Entries supplied below:

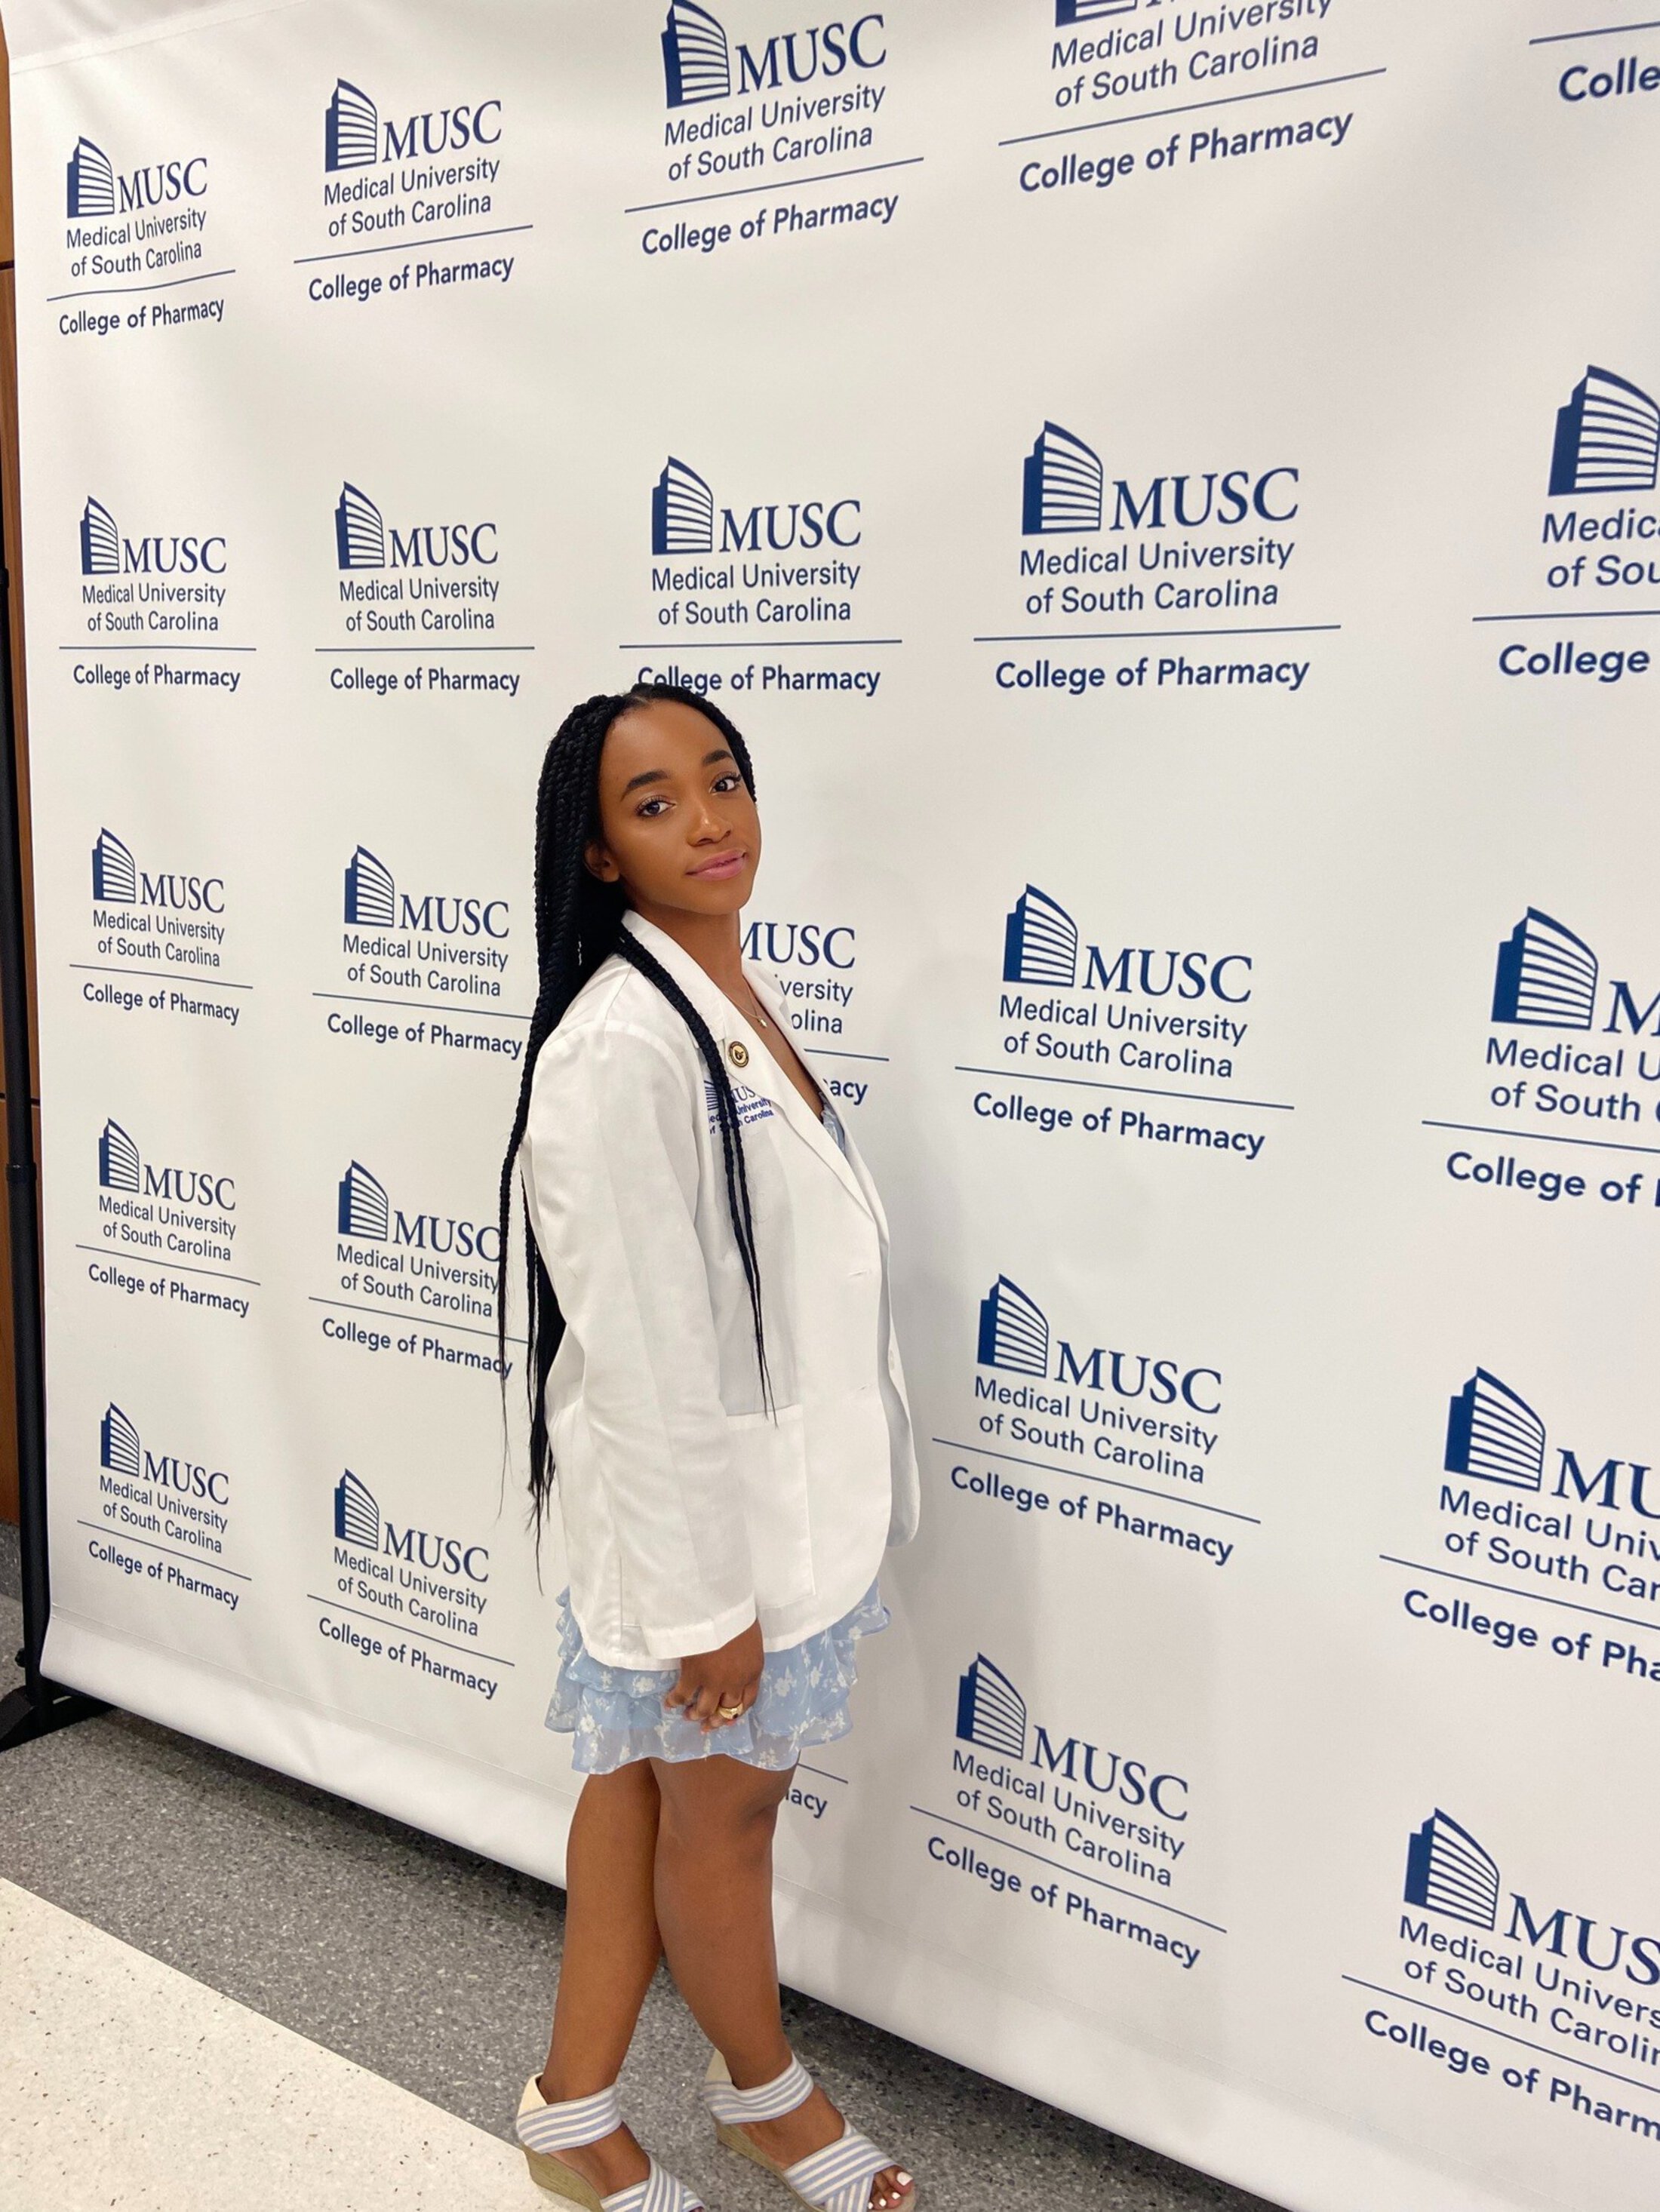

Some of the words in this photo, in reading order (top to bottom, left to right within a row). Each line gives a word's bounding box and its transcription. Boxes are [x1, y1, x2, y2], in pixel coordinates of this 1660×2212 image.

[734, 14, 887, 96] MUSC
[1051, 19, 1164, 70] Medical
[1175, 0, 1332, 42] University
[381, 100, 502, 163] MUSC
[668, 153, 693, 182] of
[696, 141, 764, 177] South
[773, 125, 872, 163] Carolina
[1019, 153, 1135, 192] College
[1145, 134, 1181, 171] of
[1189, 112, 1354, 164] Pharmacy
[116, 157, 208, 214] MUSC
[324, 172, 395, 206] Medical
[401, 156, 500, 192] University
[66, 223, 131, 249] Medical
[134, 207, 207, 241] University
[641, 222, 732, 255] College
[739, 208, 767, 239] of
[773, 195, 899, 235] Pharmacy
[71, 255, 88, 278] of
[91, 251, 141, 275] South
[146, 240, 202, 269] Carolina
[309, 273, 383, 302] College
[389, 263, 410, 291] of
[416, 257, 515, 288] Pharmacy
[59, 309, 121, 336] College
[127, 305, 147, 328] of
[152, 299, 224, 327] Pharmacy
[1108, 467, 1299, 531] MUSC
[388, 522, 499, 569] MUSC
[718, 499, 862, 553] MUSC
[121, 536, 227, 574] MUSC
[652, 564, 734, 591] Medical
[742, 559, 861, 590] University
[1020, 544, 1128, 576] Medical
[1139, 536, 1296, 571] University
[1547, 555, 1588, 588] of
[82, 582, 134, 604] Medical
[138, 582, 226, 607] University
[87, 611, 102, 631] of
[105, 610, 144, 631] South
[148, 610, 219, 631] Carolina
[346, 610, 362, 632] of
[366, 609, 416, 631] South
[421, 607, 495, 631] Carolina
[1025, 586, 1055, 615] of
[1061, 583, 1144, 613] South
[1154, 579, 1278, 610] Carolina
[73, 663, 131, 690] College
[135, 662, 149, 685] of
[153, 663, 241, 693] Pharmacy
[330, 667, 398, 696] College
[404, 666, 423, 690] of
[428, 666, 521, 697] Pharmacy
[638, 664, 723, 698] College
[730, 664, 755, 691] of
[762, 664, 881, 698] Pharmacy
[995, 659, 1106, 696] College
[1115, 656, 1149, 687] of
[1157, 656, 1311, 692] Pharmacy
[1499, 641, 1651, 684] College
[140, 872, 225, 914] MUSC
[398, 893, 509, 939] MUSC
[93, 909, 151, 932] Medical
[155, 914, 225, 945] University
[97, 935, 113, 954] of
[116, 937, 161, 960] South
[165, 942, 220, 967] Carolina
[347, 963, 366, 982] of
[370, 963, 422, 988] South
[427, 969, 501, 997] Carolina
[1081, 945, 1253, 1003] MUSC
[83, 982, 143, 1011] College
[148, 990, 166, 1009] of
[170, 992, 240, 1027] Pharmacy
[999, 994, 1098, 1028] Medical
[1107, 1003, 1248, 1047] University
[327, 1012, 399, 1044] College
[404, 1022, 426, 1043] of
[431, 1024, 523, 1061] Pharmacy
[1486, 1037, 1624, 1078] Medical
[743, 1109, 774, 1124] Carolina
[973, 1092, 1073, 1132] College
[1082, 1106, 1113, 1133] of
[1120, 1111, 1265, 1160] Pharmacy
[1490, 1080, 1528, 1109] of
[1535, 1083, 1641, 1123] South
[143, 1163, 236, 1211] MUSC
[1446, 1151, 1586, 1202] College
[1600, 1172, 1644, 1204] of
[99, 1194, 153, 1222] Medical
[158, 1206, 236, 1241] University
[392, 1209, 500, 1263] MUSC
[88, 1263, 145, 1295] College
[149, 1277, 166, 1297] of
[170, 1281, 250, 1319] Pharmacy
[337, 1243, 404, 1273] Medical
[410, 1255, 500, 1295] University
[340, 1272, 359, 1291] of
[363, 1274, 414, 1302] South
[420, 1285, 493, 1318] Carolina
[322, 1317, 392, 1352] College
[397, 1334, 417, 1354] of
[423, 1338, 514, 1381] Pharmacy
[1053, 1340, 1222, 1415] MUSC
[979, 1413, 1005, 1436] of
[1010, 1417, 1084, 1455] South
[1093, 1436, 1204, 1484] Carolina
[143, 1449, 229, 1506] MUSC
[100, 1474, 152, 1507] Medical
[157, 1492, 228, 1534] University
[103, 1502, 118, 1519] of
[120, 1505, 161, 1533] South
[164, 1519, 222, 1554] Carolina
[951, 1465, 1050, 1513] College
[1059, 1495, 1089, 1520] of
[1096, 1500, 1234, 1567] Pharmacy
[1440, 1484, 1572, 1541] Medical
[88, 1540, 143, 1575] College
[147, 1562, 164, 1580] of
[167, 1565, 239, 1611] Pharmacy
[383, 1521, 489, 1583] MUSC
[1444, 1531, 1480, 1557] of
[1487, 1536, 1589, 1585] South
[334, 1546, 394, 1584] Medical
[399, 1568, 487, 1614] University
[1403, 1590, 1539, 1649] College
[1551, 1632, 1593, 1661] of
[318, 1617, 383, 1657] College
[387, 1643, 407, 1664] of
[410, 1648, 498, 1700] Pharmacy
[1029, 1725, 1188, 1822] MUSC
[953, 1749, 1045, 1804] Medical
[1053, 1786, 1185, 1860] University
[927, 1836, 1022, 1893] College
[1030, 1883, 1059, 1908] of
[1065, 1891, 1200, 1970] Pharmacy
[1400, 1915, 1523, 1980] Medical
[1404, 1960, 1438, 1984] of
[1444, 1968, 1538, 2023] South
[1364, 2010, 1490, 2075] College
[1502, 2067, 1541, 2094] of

End of Entries supplied.

Which lines above contain the word "Carolina"? Copy each of them.

§ **Result for this exercise**
[773, 125, 872, 163] Carolina
[146, 240, 202, 269] Carolina
[148, 610, 219, 631] Carolina
[421, 607, 495, 631] Carolina
[1154, 579, 1278, 610] Carolina
[165, 942, 220, 967] Carolina
[427, 969, 501, 997] Carolina
[743, 1109, 774, 1124] Carolina
[420, 1285, 493, 1318] Carolina
[1093, 1436, 1204, 1484] Carolina
[164, 1519, 222, 1554] Carolina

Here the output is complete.